• **Task instructions**: Make an exact copy of the records, with the pictures left out.

==== Records to process ====

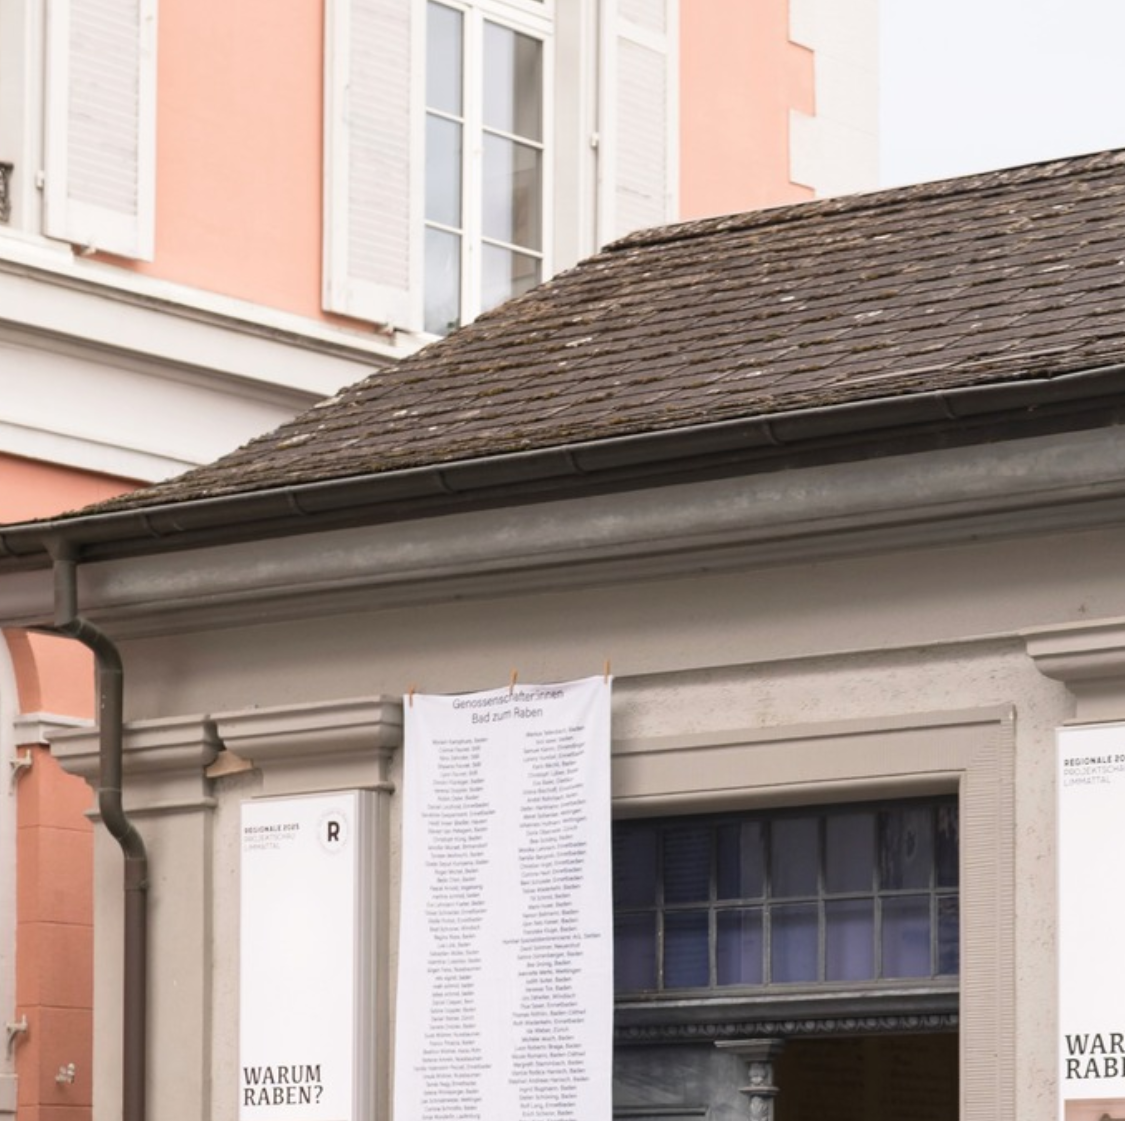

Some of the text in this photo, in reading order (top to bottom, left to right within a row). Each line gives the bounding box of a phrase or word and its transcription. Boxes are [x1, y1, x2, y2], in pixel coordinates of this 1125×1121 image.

[472, 707, 543, 724] Bad zum Raben
[1064, 755, 1112, 766] REGIONALE
[327, 820, 340, 842] R
[243, 1064, 321, 1086] WARUM
[244, 1084, 324, 1106] RABEN?

====

• **Final answer**:
Some of the text in this photo, in reading order (top to bottom, left to right within a row). Each line gives the bounding box of a phrase or word and its transcription. Boxes are [x1, y1, x2, y2], in pixel coordinates of this 1125×1121 image.

[472, 707, 543, 724] Bad zum Raben
[1064, 755, 1112, 766] REGIONALE
[327, 820, 340, 842] R
[243, 1064, 321, 1086] WARUM
[244, 1084, 324, 1106] RABEN?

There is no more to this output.